According to the data just announced by the General Department of Customs, the total value of goods import and export of Vietnam in the first 8 months of 2020 reached 336.92 billion USD. In which, the total export value reached 175.36 billion USD, up 2.3% and the total import value reached 161.9 billion USD, down 2.4% over the same period in 2019.
Thus, for the first 8 months of the year, the trade balance had a trade surplus of nearly 13.5 billion USD, nearly 2.5 times higher than the surplus of the same period in 2019 (5.47 billion USD). The figure of 13.5 billion USD can be said to be a record trade surplus of Vietnam, surpassing the export surplus of 9.9 billion USD of the whole year 2019.
Meanwhile, the trade surplus of 9.9 billion USD in 2019 was the highest level in 4 consecutive years of Vietnam’s trade surplus. Many experts believe that, in the current context of the Covid-19 epidemic, the trade surplus is more worrying than happy, the more worries the trade surplus is.
According to TS. Le Quoc Phuong, former Deputy Director of the Center for Industry and Trade Information (Ministry of Industry and Trade), Vietnam’s economy has always been in surplus in recent years, which is a good thing because it will help our country increase reserves. Forex.
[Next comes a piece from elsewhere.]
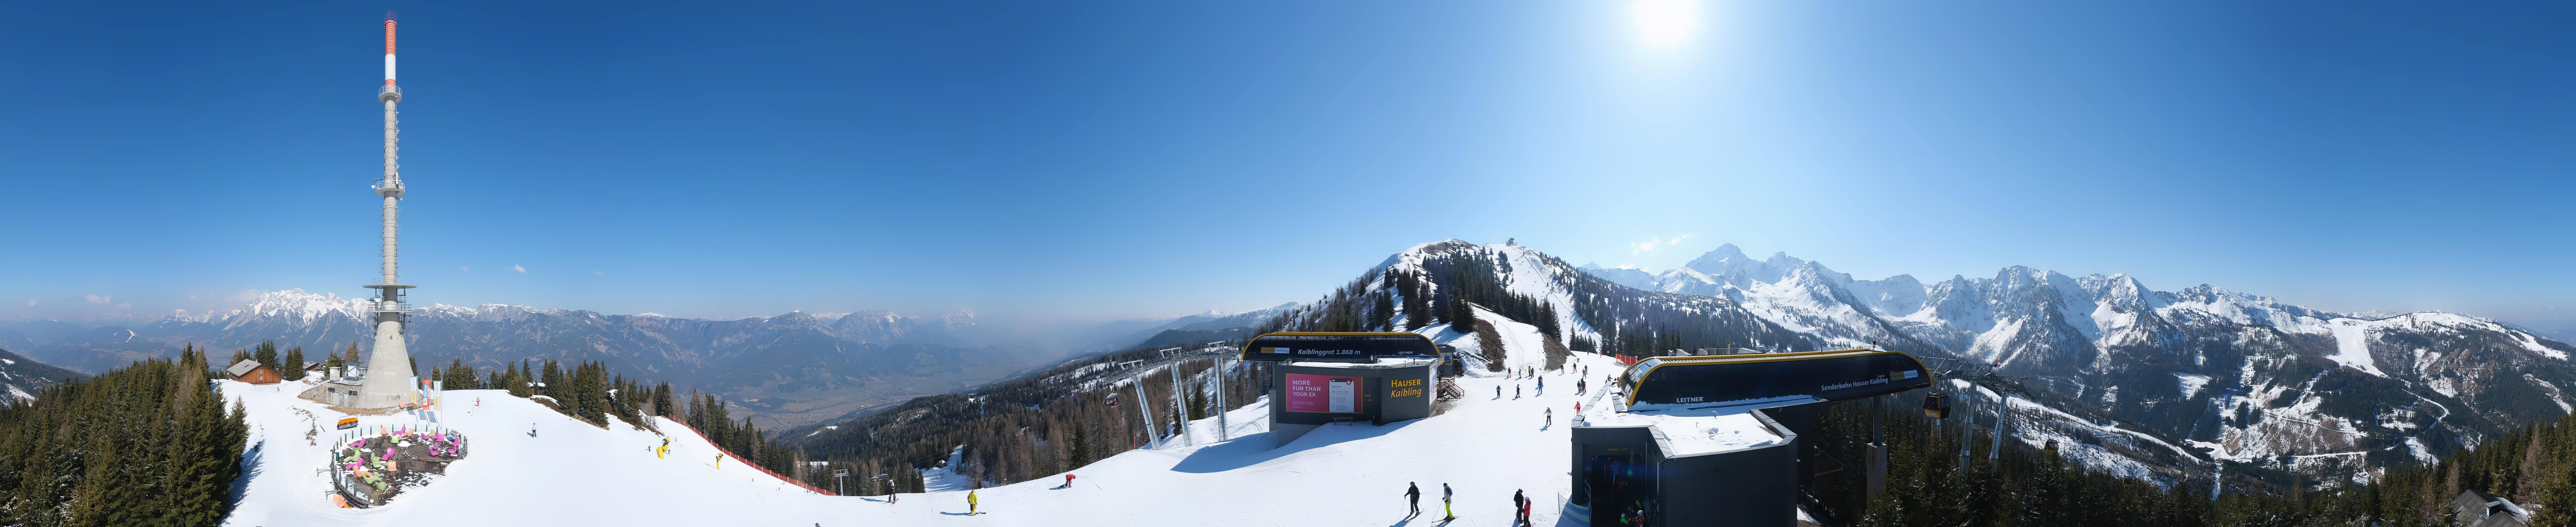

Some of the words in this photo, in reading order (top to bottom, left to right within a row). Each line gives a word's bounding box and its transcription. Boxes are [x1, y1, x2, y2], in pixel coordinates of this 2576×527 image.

[1391, 379, 1421, 387] HAUSER
[1821, 382, 1852, 391] Senderbahn
[1391, 388, 1421, 397] Kaibling
However, with the figure of trade surplus in the first eight months of 2020, there is a worrying point, when the increase in trade surplus is not due to the increase in export turnover but the decrease in imports.
“Imports of 90% of Vietnam are means of production, and imports of consumer goods are only 10%. Therefore, reducing import means reducing the import of production materials, but reducing the input of production materials will affect production in the future, so this is a worrying point ”, PhD. Le Quoc Phuong concerns and notes: Vietnam’s trade surplus is still mainly based on the FDI sector, while domestic enterprises still have a large trade deficit, up to more than 10 billion USD.
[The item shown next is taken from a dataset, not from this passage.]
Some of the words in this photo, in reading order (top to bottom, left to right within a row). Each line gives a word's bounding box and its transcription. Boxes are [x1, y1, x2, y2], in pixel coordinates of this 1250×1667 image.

Recognizing the trade surplus in the past 8 months, trade expert Pham Tat Thang felt unsatisfied, because in just 8 months, the number of the trade surplus exceeded the previous years sounds positive, but this is This is an unhappy signal, which proves that the source of imported raw materials for Vietnamese production is currently in trouble.
“Until now, imports have mainly been inputs for the production process. This year, Vietnam could not import materials due to two reasons. The first is that there are no export orders, so there is no import. Second, when there is an export order, the supply chain of raw materials is broken, so it cannot import, ”this expert analyzed.
According to expert Pham Tat Thang, currently most businesses still mainly use raw materials stored before for export, sources of importing raw materials for the next period are still facing many difficulties. It is from this factor that leads to the story that Vietnam only exports but not imports.
Meanwhile, the trade surplus over the past time is mainly due to FDI enterprises thanks to them keeping orders, organizing the supply of raw materials for the production process. Although these enterprises are also affected by the Covid-19 outbreak, the level of supply breakdown is not as great as that of Vietnamese enterprises. “This once again shows that organizing supply chains in a sustainable direction is especially important,” said expert Pham Tat Thang.
Taking a closer look at Vietnam’s export surplus in the past 8 months, economist Tran Toan Thang noted, wanting to assess whether the trade surplus is positive or not need to pay attention to the total export turnover. and total imports. Specifically, in the past 8 months, the total export and import turnover have decreased compared to the same period last year with different decreases. This can be seen that the trade deficit in the first eight months of 2020 is due to the rapid decrease in imports, not due to the sharp increase in exports.
“Therefore, if the decrease in import data is due to the reduction of the amount of machinery and raw materials, such an export surplus is not a good thing. The decrease in imports may be due to the fact that businesses are underestimating the ability to continue exporting. This leads to the risk that the economic recovery after the epidemic will be more difficult. However, financially, a large trade surplus will help the country have more sources of foreign currency to stabilize the exchange rate ”, explained Mr. Tran Toan Thang.
According to the forecast of the Ministry of Industry and Trade, Vietnam’s import and export of goods in the second half of 2020 will grow more positively than in the second quarter of 2020, especially after many countries begin to loosen their control measures. disease and began to accelerate the process of recovery, opening up.
In addition, from the beginning of August 2020, the implementation of the EU-Vietnam Free Trade Agreement (EVFTA) will create a good opportunity for exports in the last months of the year. When the disease is controlled in Europe, and the EVFTA Agreement has been put into effect, Vietnamese enterprises will have a great advantage from reducing / removing tariff barriers to the EU market to exploit this market. ./.